BEGIN GIVEN INFORMATION
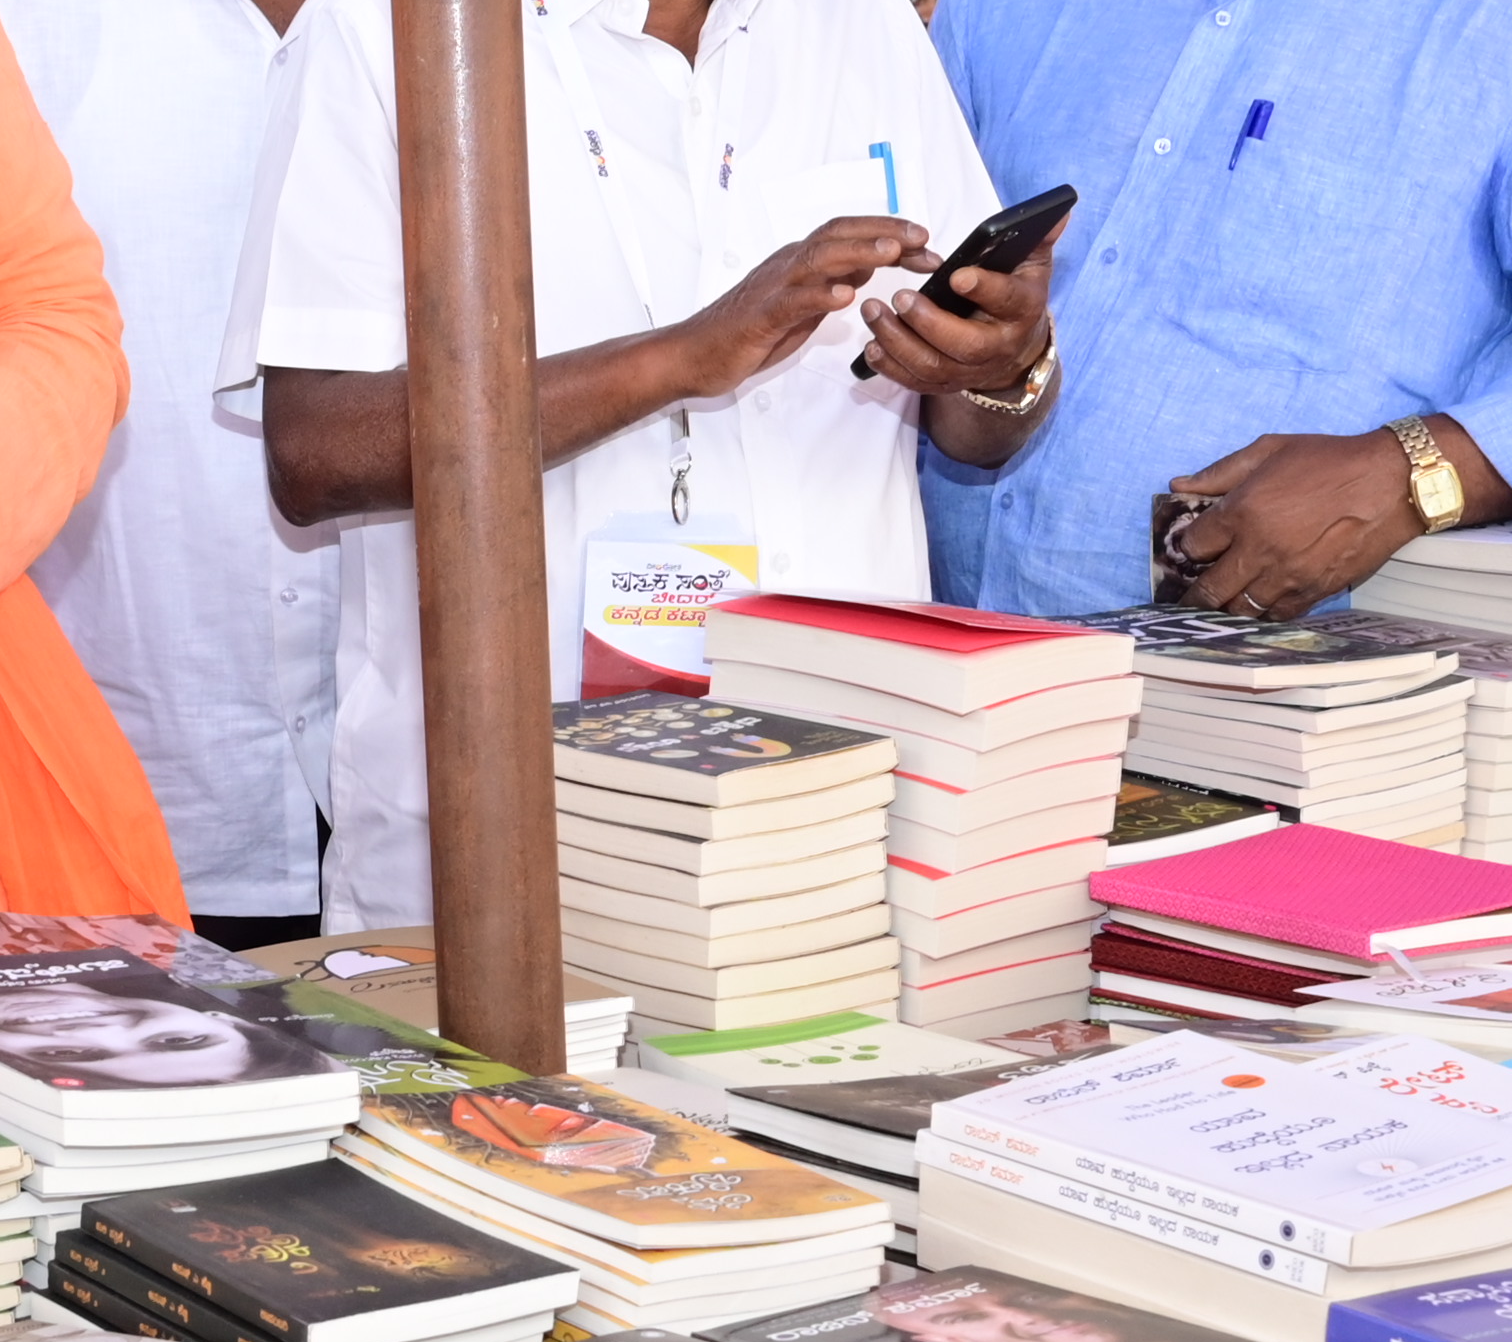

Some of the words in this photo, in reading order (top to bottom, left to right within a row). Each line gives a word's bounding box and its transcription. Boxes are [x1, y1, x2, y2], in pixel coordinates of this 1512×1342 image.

[610, 570, 668, 592] ಪುಸ್ತಕ
[609, 606, 660, 626] ಕನ್ನಡ
[650, 592, 717, 606] ಬೀದರ್
[1022, 1076, 1102, 1107] ರಾಬಿನ್
[1109, 1054, 1180, 1085] ಶರ್ಮಾ
[1187, 1108, 1267, 1135] ಯಾವ
[1317, 1119, 1410, 1153] ನಾಯಕ
[962, 1120, 1005, 1148] ರಾಬಿನ್
[1005, 1138, 1041, 1158] ಶರ್ಮಾ
[1074, 1152, 1106, 1174] ಯಾವ
[1201, 1192, 1241, 1218] ನಾಯಕ
[947, 1148, 988, 1176] ರಾಬಿನ್
[989, 1166, 1026, 1186] ಶರ್ಮಾ
[1057, 1180, 1089, 1202] ಯಾವ
[1181, 1223, 1222, 1248] ನಾಯಕ
[881, 1282, 989, 1320] ಶರ್ಮಾ
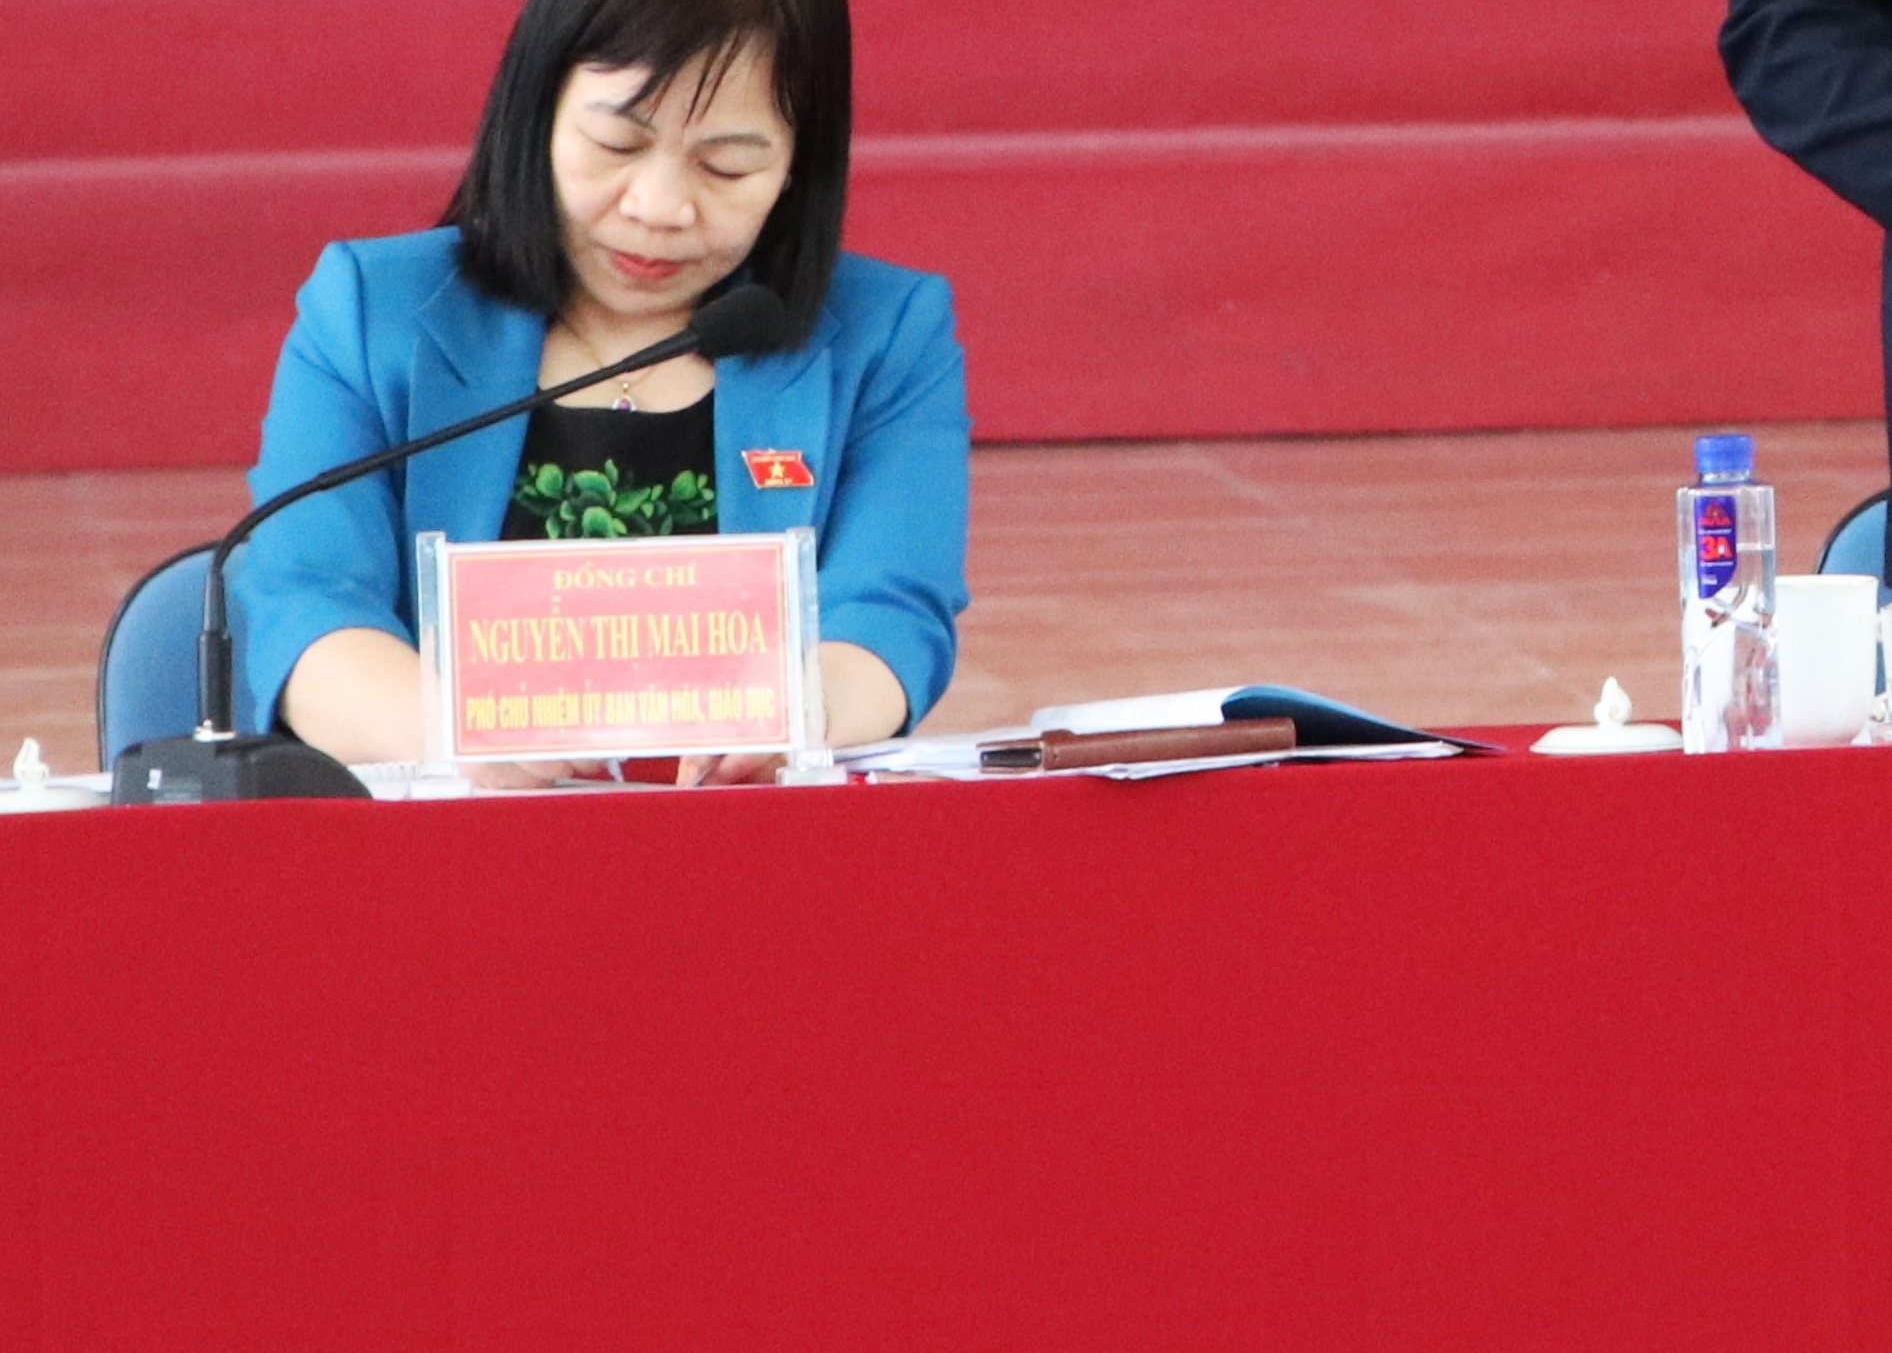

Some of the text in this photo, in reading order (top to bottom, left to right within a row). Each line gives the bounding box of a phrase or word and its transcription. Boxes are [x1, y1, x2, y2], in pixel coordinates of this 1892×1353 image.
END GIVEN INFORMATION
INSTRUCTIONS FOR THE TASK ::
Retype the data word for word, please, and keep the images out.

RESPONSE TO THE EXERCISE ::
Some of the words in this photo, in reading order (top to bottom, left to right within a row). Each line gives a word's bounding box and its transcription. Boxes are [x1, y1, x2, y2], in pixel coordinates of this 1512×1342 image.

[610, 570, 668, 592] ಪುಸ್ತಕ
[609, 606, 660, 626] ಕನ್ನಡ
[650, 592, 717, 606] ಬೀದರ್
[1022, 1076, 1102, 1107] ರಾಬಿನ್
[1109, 1054, 1180, 1085] ಶರ್ಮಾ
[1187, 1108, 1267, 1135] ಯಾವ
[1317, 1119, 1410, 1153] ನಾಯಕ
[962, 1120, 1005, 1148] ರಾಬಿನ್
[1005, 1138, 1041, 1158] ಶರ್ಮಾ
[1074, 1152, 1106, 1174] ಯಾವ
[1201, 1192, 1241, 1218] ನಾಯಕ
[947, 1148, 988, 1176] ರಾಬಿನ್
[989, 1166, 1026, 1186] ಶರ್ಮಾ
[1057, 1180, 1089, 1202] ಯಾವ
[1181, 1223, 1222, 1248] ನಾಯಕ
[881, 1282, 989, 1320] ಶರ್ಮಾ

Some of the text in this photo, in reading order (top to bottom, left to right within a row). Each line gives the bounding box of a phrase or word and its transcription. Boxes are [x1, y1, x2, y2], in pixel coordinates of this 1892×1353 image.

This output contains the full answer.